Jakarta, Situsenergy.com

Kementerian Energi dan Sumber Daya Mineral (ESDM) terus berupaya untuk mendorongan pemanfaatan energi baru terbarukan (EBT) sebgai energi alternative dengan harga yang kompetitif dengan tujuan untuk mengurangi ketergantungan pda energi fosil.

Salah satu upaya yang dilakukan Kementerian ESDM adalah melakukan sinkronisasi peraturan, misalnya, merubah peraturan menteri (Permen) yaitu Permen ESDM Nomor 43 Tahun 2017 tentang Perubahan Atas Permen ESDM Nomor 12 Tahun 2017 menggantinya dengan Permen ESDM Nomor 50 Tahun 2017 tentang Pemanfaatan Sumber Energi Terbarukan Untuk Penyediaan Listrik.

“Melalui upaya-upaya yang dilakukan Pemerintah saya percaya dan yakin seyakin-yakinnya bahwa energi baru terbarukan seperti panas bumi, akan menjadi energi yang kompetitif ke depan,” kata Menteri ESDM, Ignasius Jonan, pada suatu kesempatan, beberapa waktu lalu.

Terkait dengan upaya-upaya tersebut di atas, laman resmi www.esdm.go.id pada edisi Senein (23/10), menulis, Pemen ESDM Nomor 50 Tahun 2017 tentang Pemanfaatan Sumber Energi Terbarukan Untuk Penyediaan Listrik, telah mencabut Permen sebelumnya yaitu Permen ESDM Nomor 43 Tahun 2017 tentang Perubahan Atas Permen ESDM Nomor 12 Tahun 2017.

BACA JUGA   PGE Gandeng Zorlu Enerji Turki untuk Kembangkan Proyek Panas Bumi Internasional

”Perubahan mendasar dari Beleid ini adalah pada penentuan harga pembelian tenaga listrik. Dengan tujuan utama, agar harga listrik yang bersumber dari Energi Terbarukan mempunyai harga yang terjangkau oleh semua lapisan masyarakat Indonesia,” tulisnya.

Dijelaskan, untuk Harga Pembelian tenaga listrik, terdapat dua ketentuan.
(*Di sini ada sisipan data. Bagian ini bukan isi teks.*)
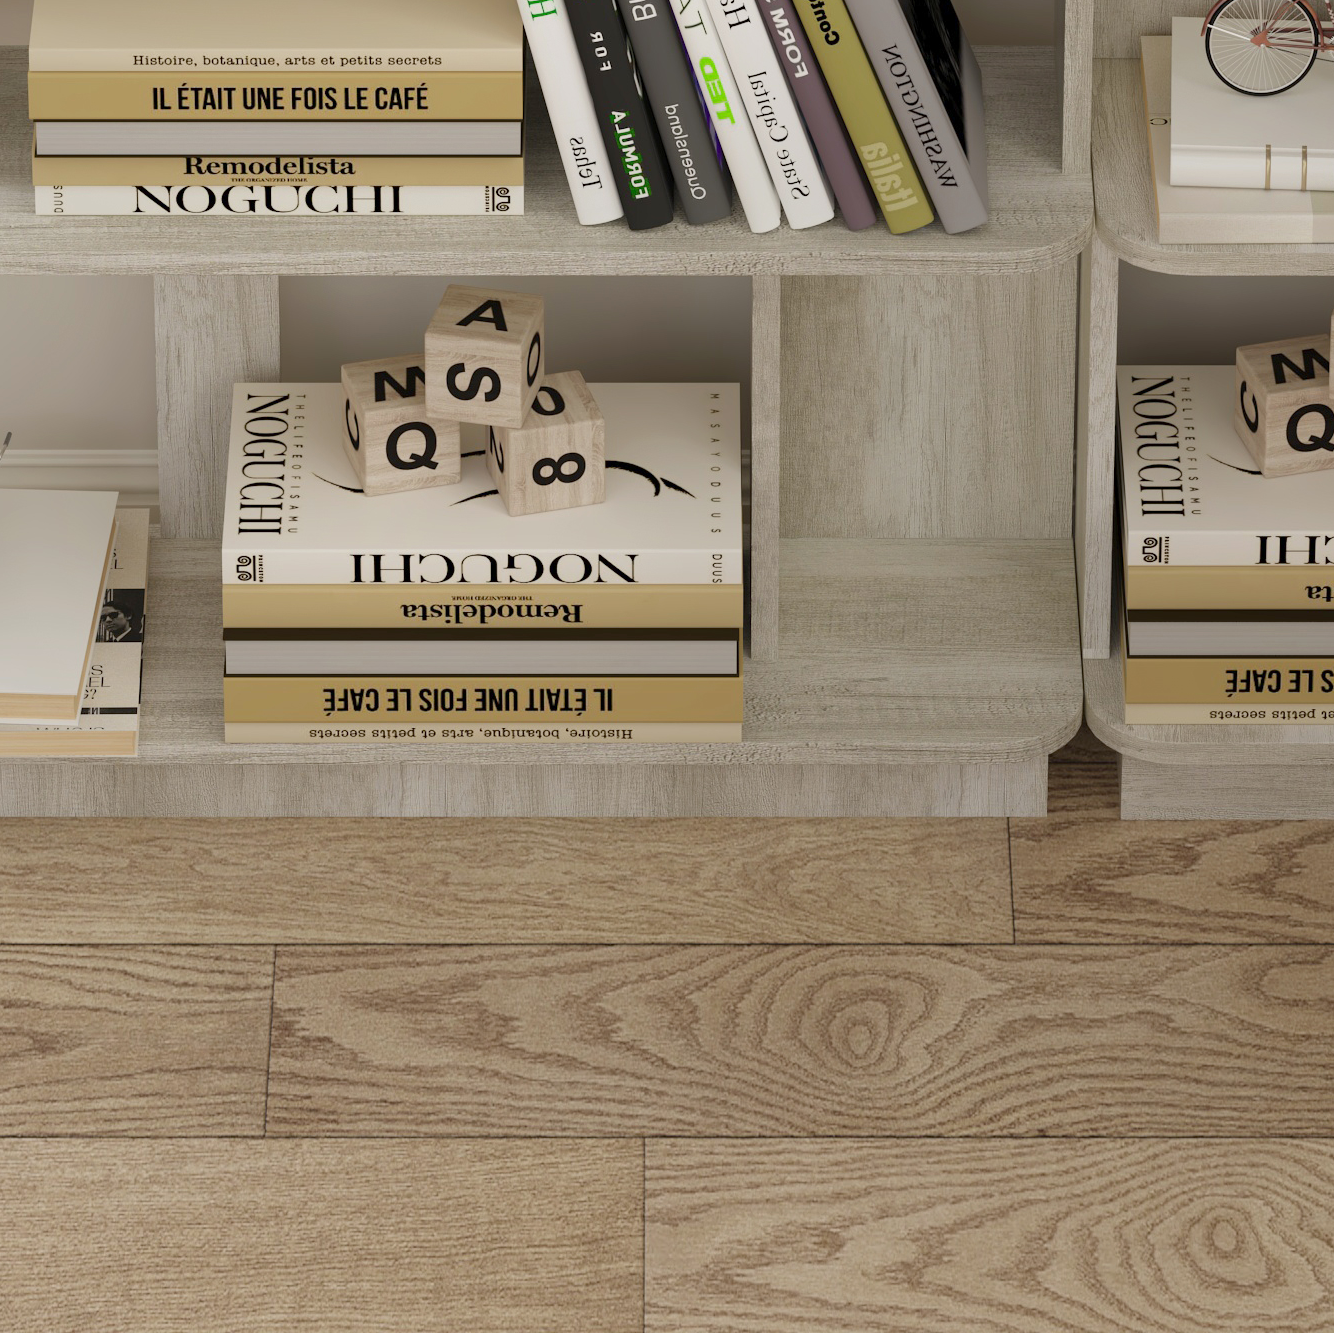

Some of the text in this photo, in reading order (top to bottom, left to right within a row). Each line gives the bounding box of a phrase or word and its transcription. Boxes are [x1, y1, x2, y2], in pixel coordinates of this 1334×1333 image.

Pertama, harga pembelian tenaga listrik jenis PLTS Fotovoltaik, PLTB, PLTBm, PLTB dan PLTA Laut. Kedua, untuk harga pembelian tenaga listrik jenis PLTA, PLT Sampah, dan PLTP.

Pada ketentuan pertama diatas dimungkinkan jika Biaya Pokok Produksi (BPP) Pembangkit di sistem ketenagalistrikan setempat lebih besar dari rata-rata BPP Nasional, maka harga pembelian maksimal 85 % dari BPP Pembangkit setempat. Namun sebaliknya, jika BPP Pembangkit di sistem ketenagalistrikan setempat lebih kecil atau sama dengan rata-rata BPP Nasional, maka harga pembelian berdasarkan kesepakatan (business to business).

Sedangkan point kedua dijelaskan jika BPP Pembangkit di sistem ketenagalistrikan setempat lebih besar dari rata-rata BPP Nasional, maka harga pembelian maksimal 100 % dari BPP setempat. Namun, sebaliknya, jika BPP di wilayah Sumatera, Jawa, Bali, atau wilayah ketenagalistrikan setempat lebih kecil atau sama dengan rata-rata BPP Nasional maka harga pembelian dilakukan berdasarkan kesepakatan (business to business).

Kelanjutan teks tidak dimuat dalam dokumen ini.